▸ **Input data**:
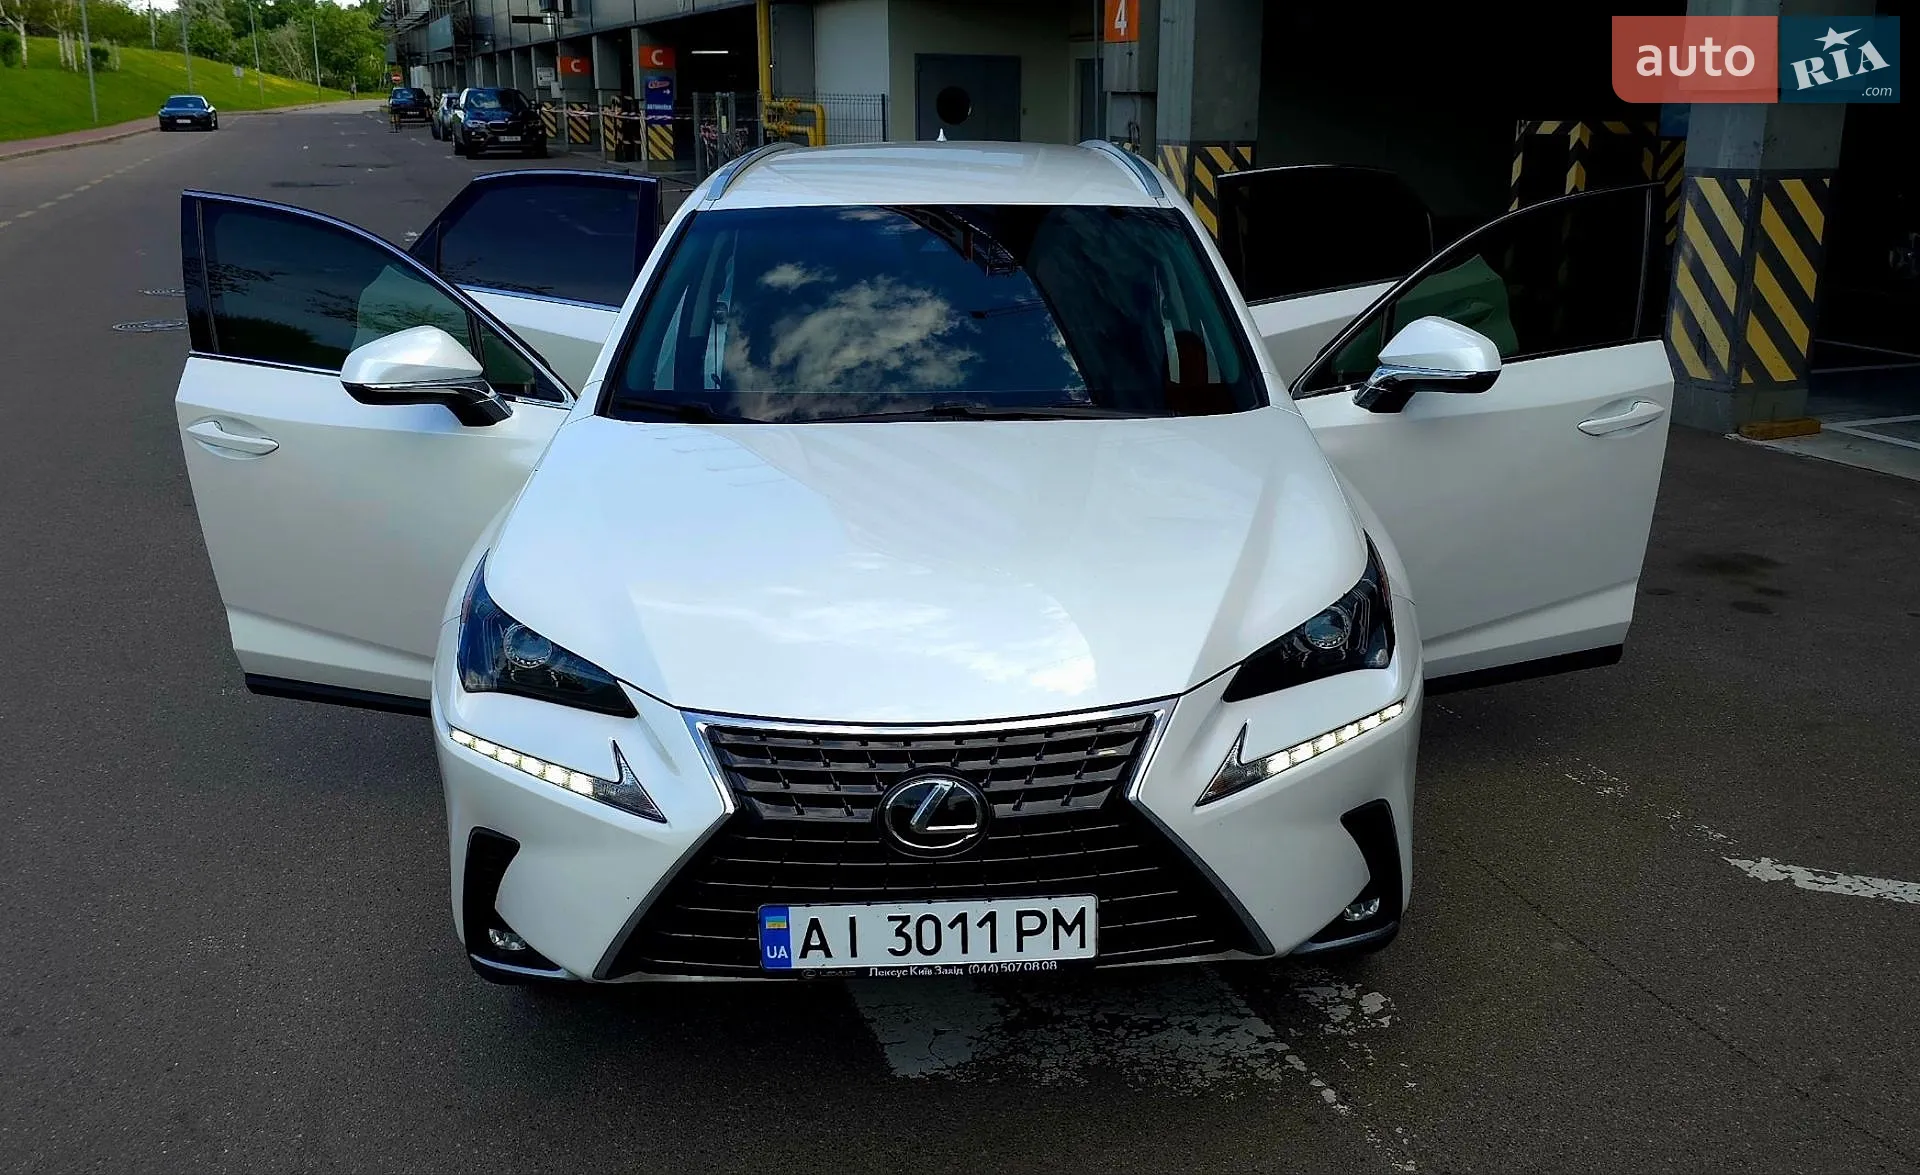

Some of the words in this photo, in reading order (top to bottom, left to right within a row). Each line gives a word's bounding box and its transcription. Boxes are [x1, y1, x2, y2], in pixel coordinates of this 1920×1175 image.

[1115, 0, 1128, 37] 4
[651, 49, 664, 66] C
[571, 60, 582, 73] C
[799, 916, 858, 959] AI
[887, 910, 998, 956] 3011
[1016, 907, 1087, 953] PM
[766, 945, 789, 959] UA
[868, 967, 909, 978] Лексус
[909, 965, 932, 976] Київ
[934, 965, 964, 977] Захід
[968, 963, 999, 975] (044)
[1000, 962, 1021, 974] 507
[1023, 961, 1040, 972] 08
[1042, 960, 1058, 972] 08

▸ **What this task involves**: Reproduce the listing exactly. Do not include its images.

▸ **Answer box**:
Some of the words in this photo, in reading order (top to bottom, left to right within a row). Each line gives a word's bounding box and its transcription. Boxes are [x1, y1, x2, y2], in pixel coordinates of this 1920×1175 image.

[1115, 0, 1128, 37] 4
[651, 49, 664, 66] C
[571, 60, 582, 73] C
[799, 916, 858, 959] AI
[887, 910, 998, 956] 3011
[1016, 907, 1087, 953] PM
[766, 945, 789, 959] UA
[868, 967, 909, 978] Лексус
[909, 965, 932, 976] Київ
[934, 965, 964, 977] Захід
[968, 963, 999, 975] (044)
[1000, 962, 1021, 974] 507
[1023, 961, 1040, 972] 08
[1042, 960, 1058, 972] 08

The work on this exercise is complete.